What this task involves: What is needed is a faithful copy of all the entries, with no pictures in it.

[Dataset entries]
- - - - -

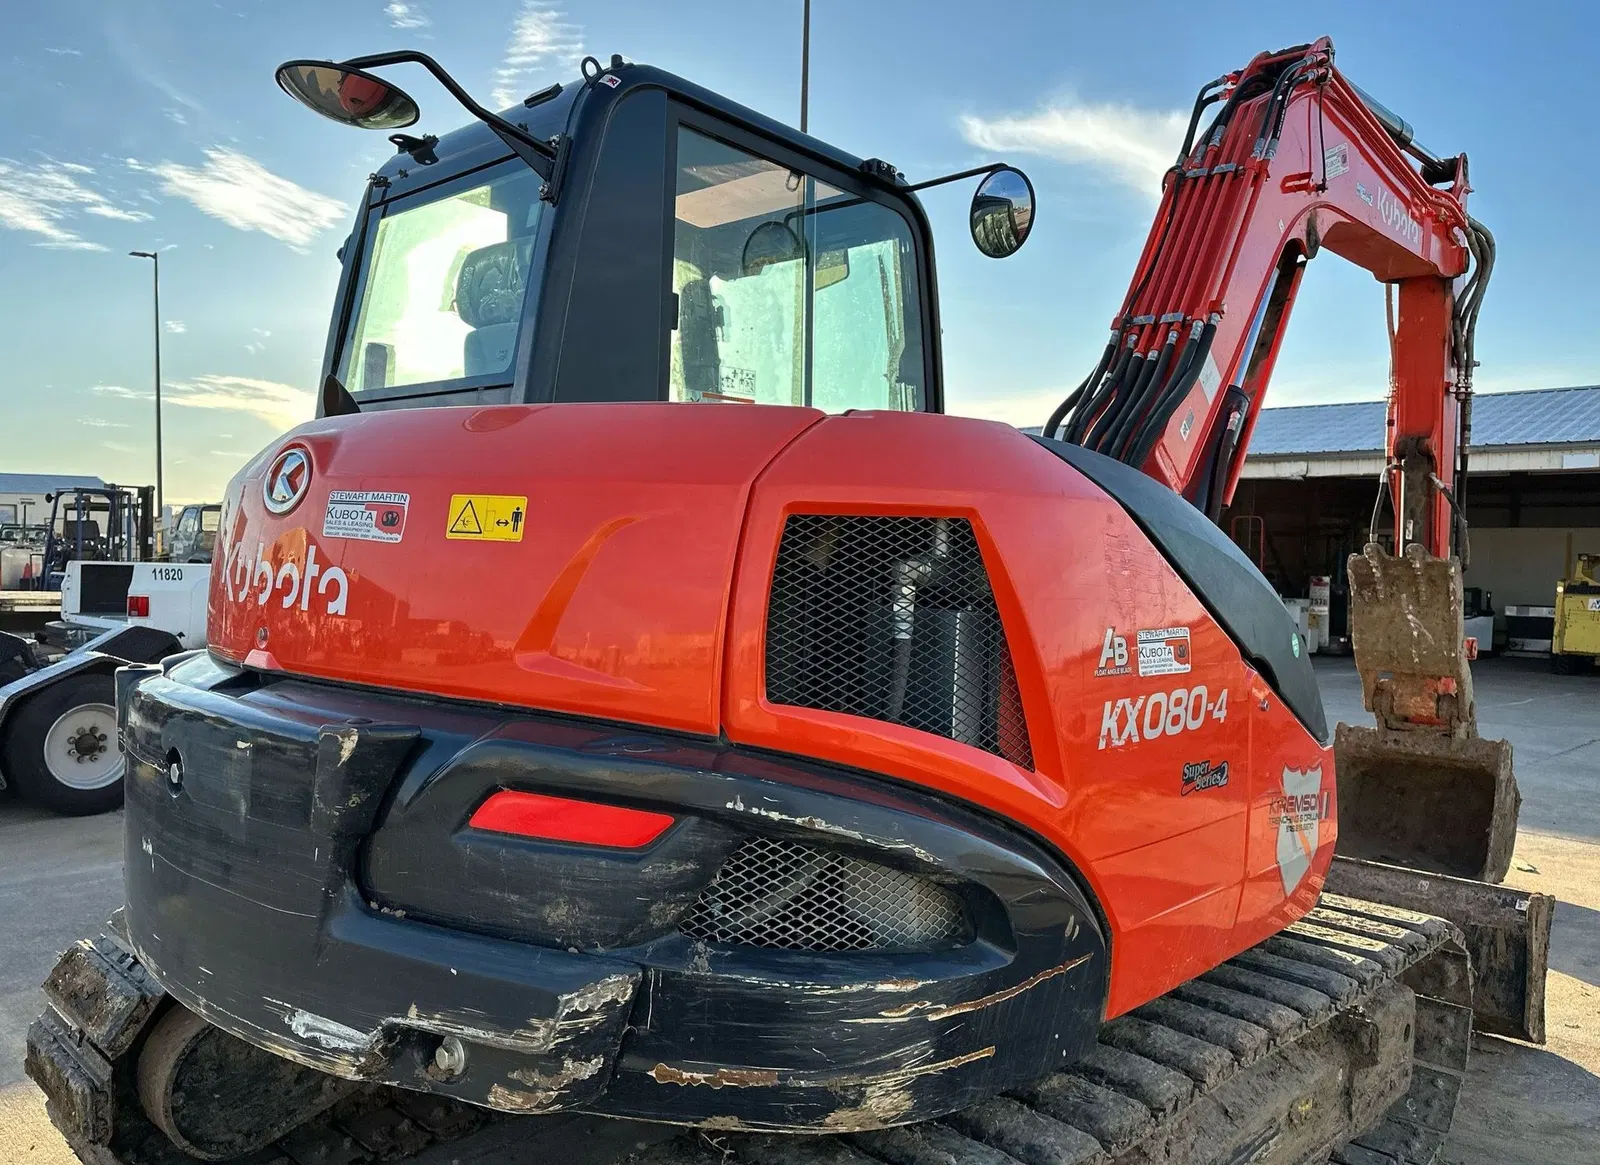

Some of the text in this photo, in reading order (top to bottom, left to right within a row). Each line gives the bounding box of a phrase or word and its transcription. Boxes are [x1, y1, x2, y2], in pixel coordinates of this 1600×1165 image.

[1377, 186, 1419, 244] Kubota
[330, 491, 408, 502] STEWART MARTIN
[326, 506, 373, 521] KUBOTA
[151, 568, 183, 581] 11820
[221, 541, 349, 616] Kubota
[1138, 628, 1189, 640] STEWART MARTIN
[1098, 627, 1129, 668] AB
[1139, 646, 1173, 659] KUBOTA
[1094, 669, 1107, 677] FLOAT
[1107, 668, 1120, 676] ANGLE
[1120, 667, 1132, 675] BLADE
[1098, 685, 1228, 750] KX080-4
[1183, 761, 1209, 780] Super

- - - - -

Exercise response:
Some of the text in this photo, in reading order (top to bottom, left to right within a row). Each line gives the bounding box of a phrase or word and its transcription. Boxes are [x1, y1, x2, y2], in pixel coordinates of this 1600×1165 image.

[1377, 186, 1419, 244] Kubota
[330, 491, 408, 502] STEWART MARTIN
[326, 506, 373, 521] KUBOTA
[151, 568, 183, 581] 11820
[221, 541, 349, 616] Kubota
[1138, 628, 1189, 640] STEWART MARTIN
[1098, 627, 1129, 668] AB
[1139, 646, 1173, 659] KUBOTA
[1094, 669, 1107, 677] FLOAT
[1107, 668, 1120, 676] ANGLE
[1120, 667, 1132, 675] BLADE
[1098, 685, 1228, 750] KX080-4
[1183, 761, 1209, 780] Super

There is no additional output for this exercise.